Widham is a hamlet now encompassed within the village and parish of Purton, Wiltshire, England.

== History ==
Originally, Widham consisted of a few houses north of Purton along the Cricklade road, parts of Witts Lane, and the toll house at Collins Lane, with Widham Common in the centre. In time, Purton engulfed the hamlet, and only one small area remained as Widham. This, in turn, was divided in the mid-19th century by the Cheltenham and Great Western Union Railway which today provides a route from Swindon to Gloucester.

A related place name, Widhill, in the parish of Cricklade, can be found approximately 4 miles to the north near the A419 at Blunsdon.

During the period of the inclosure acts, the common at Widham was awarded to the Earls of Shaftesbury along with 'foot rights' to the cottages around the common to the highway (which had been a private road with tolls collected at the toll house). The highway then became a public road. Tolls, however, continued to be collected into the late 19th century.

Pincocks Orchard, one of the last remaining private orchards in Purton and dating to the 18th century, lies behind the houses to the south of the railway. It was originally Thomas Pincock's orchard, but is now reduced in size to around half an acre. It is planted with greengage and other fruit trees.

Widham is shown in current Ordnance Survey maps as well as maps dating back to the 18th century, such as Andrews' and Drury's Map of Wiltshire, 1773, Andrews' and Drury's Map of Wiltshire, 1810 and the 1896 OS map.

==Etymology==
The name Widham derives the words 'druid' and 'hamlet'. The word dru-wid means 'oak-knowledge', while 'ham' means homestead or peninsula (on the Andrews' & Drury's maps, 1773 and 1810, Widham can be seen lying between two small rivers/streams leading into the River Key which joins the Thames at Cricklade).

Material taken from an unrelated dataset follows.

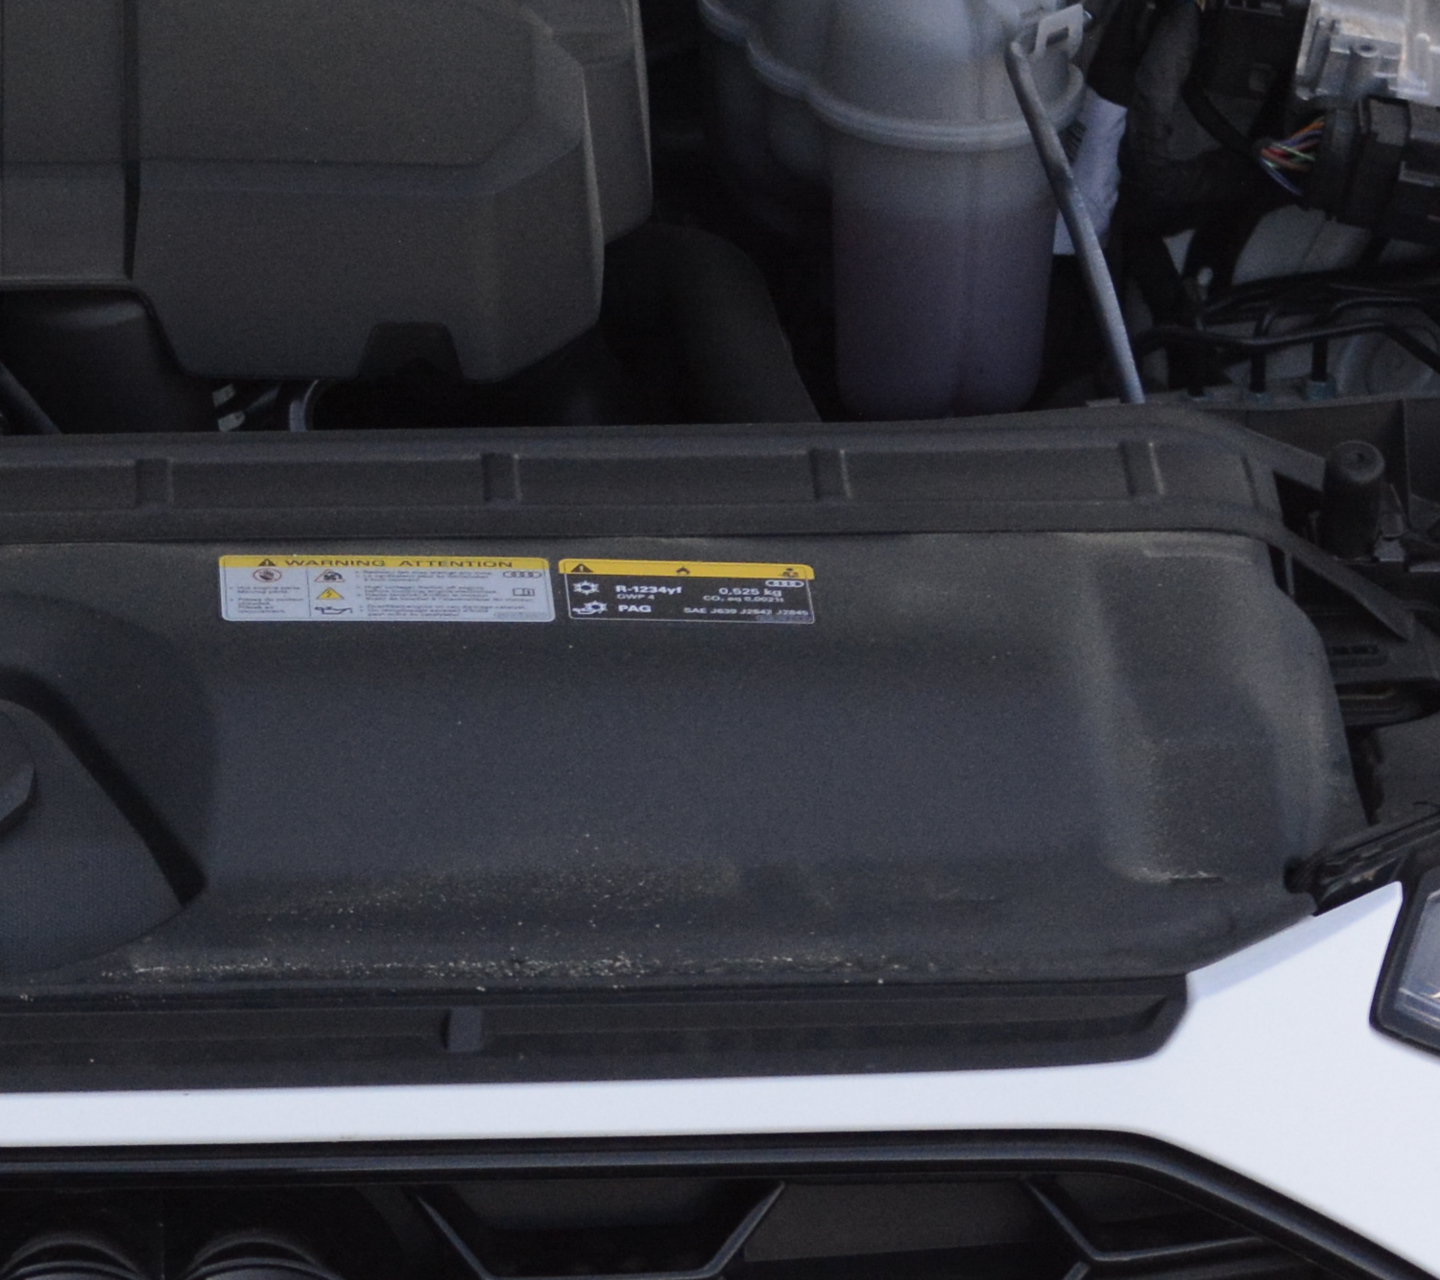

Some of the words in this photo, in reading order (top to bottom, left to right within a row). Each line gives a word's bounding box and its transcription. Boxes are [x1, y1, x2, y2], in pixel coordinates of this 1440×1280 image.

[399, 560, 513, 568] ATTENTION
[615, 585, 682, 595] R-1234yf
[763, 589, 782, 597] kg

The suffix 'ham' could be derived from one of two words: ham, the Saxon word meaning 'settlement', or hamm, meaning 'water meadow'. A 'ham' can also be a geographical feature roughly corresponding to a peninsula surrounded on three sides, usually by marsh. In the case at hand, such an ancient marsh may have later been drained to become a meadow as in the present day.